For pre-stenting images, the “to-be-stented segment” was defined as the region that was subsequently stented. This region was selected looking at the post-stenting recording and superimposing the boundaries of the stent on the vessel prior to the treatment by using side branch or vessel calcification as landmark, which is a standard operational procedure of the corelab10. In addition, regions immediately adjacent 5 mm proximal and distal to this segment were analysed. Lumen area (LA) and stent area (SA) were measured in the stented segments and LA was measured in the proximal, distal and to-be-stented segments. Mean LA and SA were calculated in each segment. The presence of thrombus, dissection, prolapsed tissue and incomplete stent apposition (ISA) were assessed in the segment according to previously described criteria11-13 and the incidence of these findings was expressed as the percentage of the segments with such findings divided by the total number of segments. If thrombus was present, thrombus area was subtracted from LA.

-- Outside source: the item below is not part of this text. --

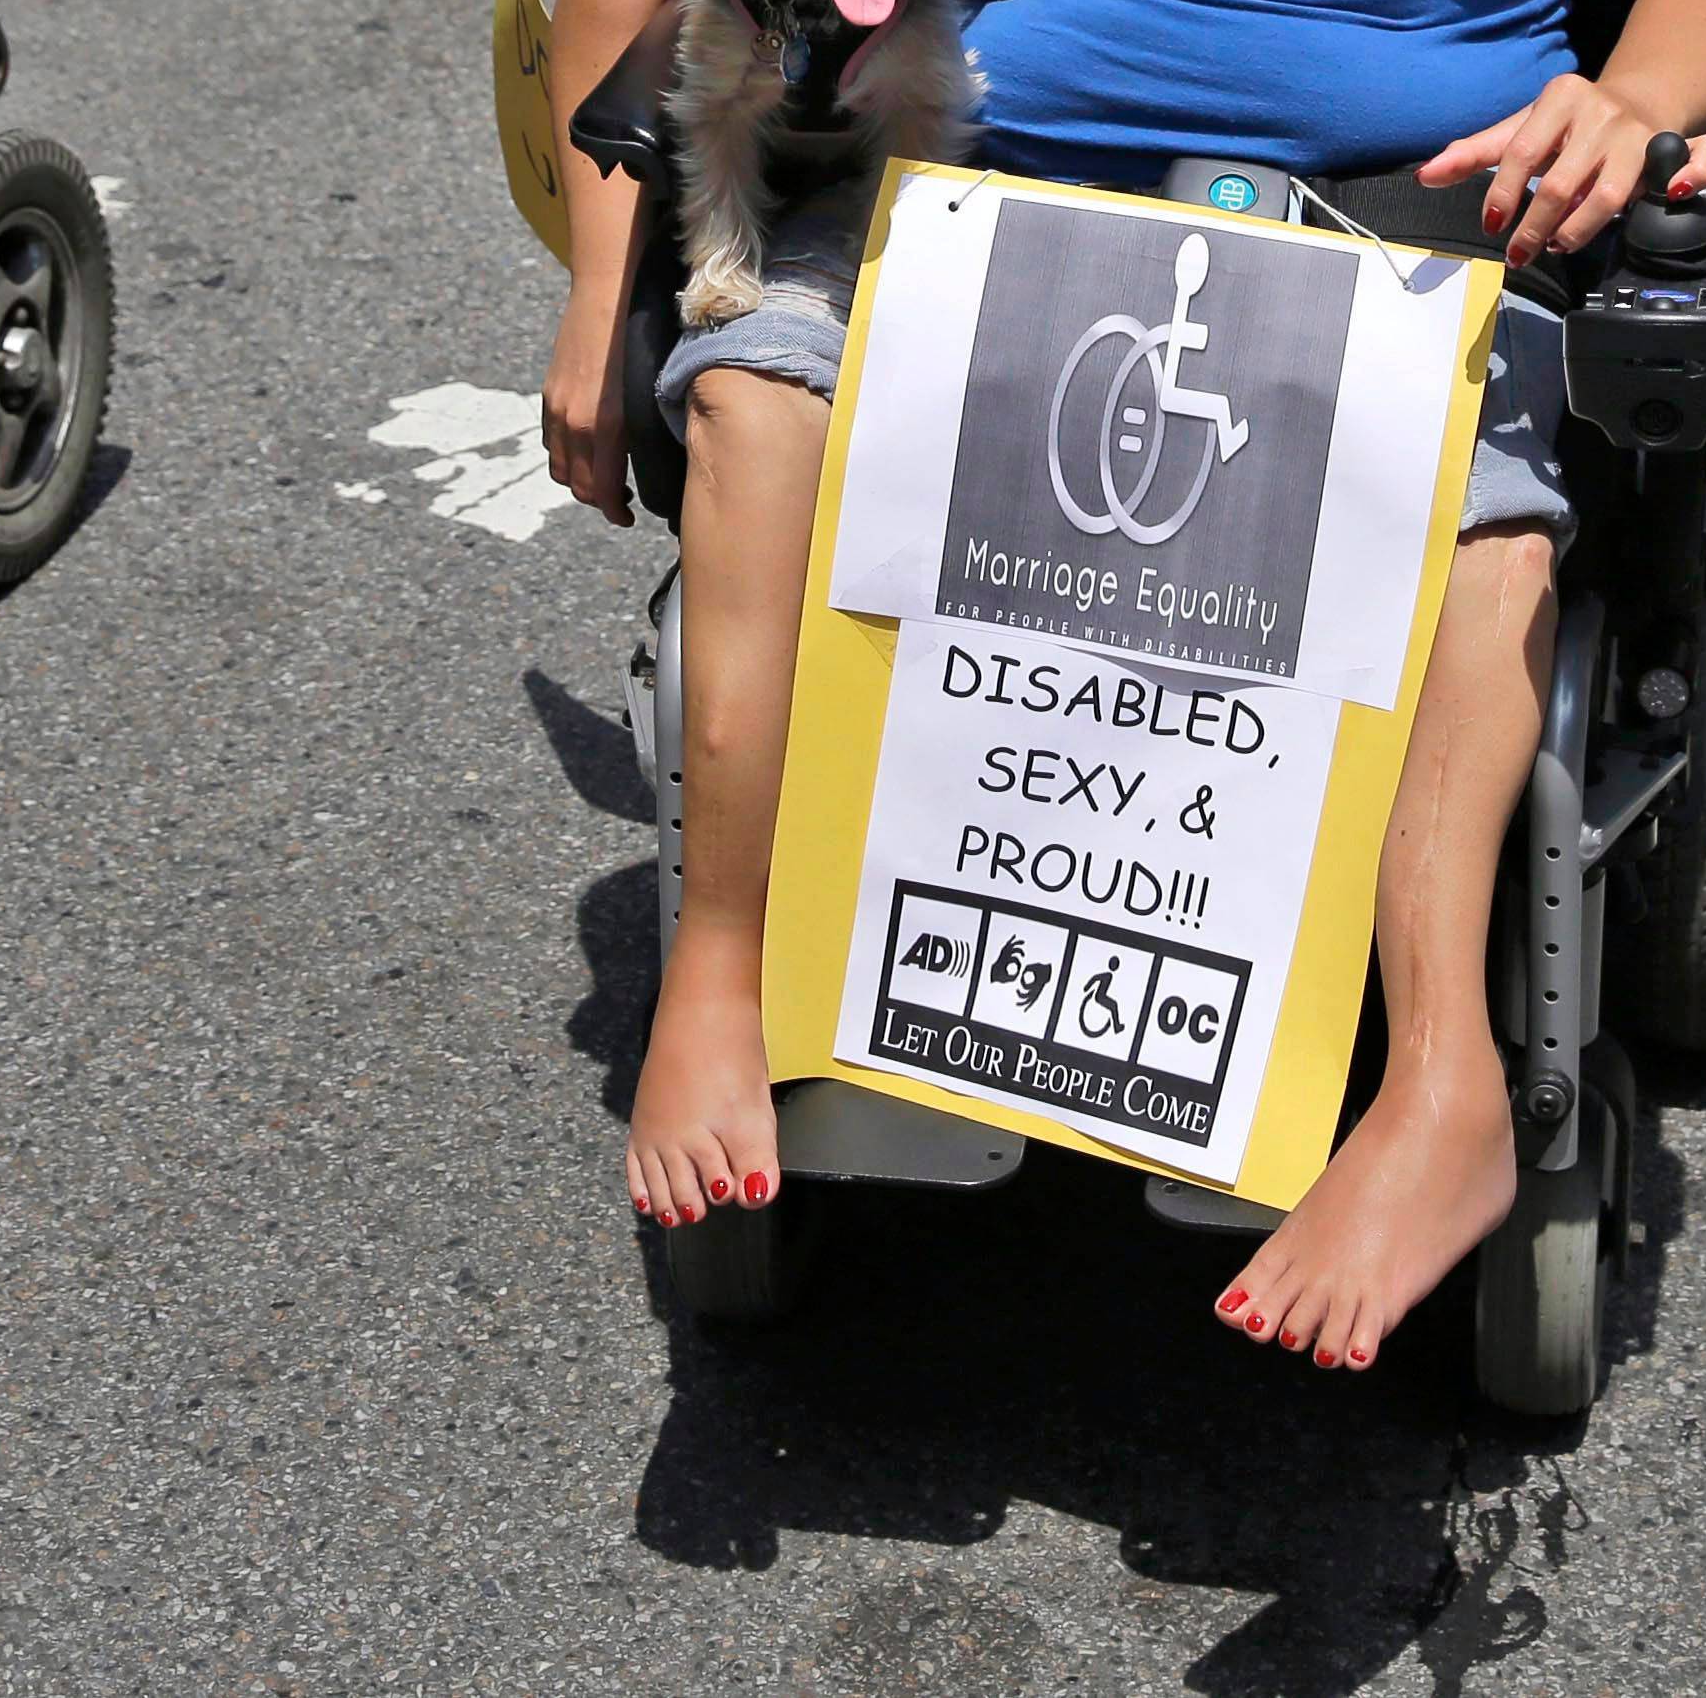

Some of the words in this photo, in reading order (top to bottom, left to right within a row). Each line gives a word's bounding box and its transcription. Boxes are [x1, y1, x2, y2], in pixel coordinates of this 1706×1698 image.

To assess inter-observer variability of LA measurements in OFDI images, analyses of three stented segments were repeated by two independent observers. To determine intra-observer variability, the images were analysed again by the same two observers at least four weeks after the initial measurement, and these two measurements were compared.

Statistics

No formal sample size calculation was performed for the feasibility study. The co-primary endpoint “ability to obtain OFDI images of coronary artery” was scored in the CRF by the investigator. For the co-primary safety endpoint of the OFDI imaging procedure, the rates of complications observed by angiography or ECG following the procedure were calculated as the number of patients with at least one event of the specified type divided by the total number of patients in the intention-to-treat group.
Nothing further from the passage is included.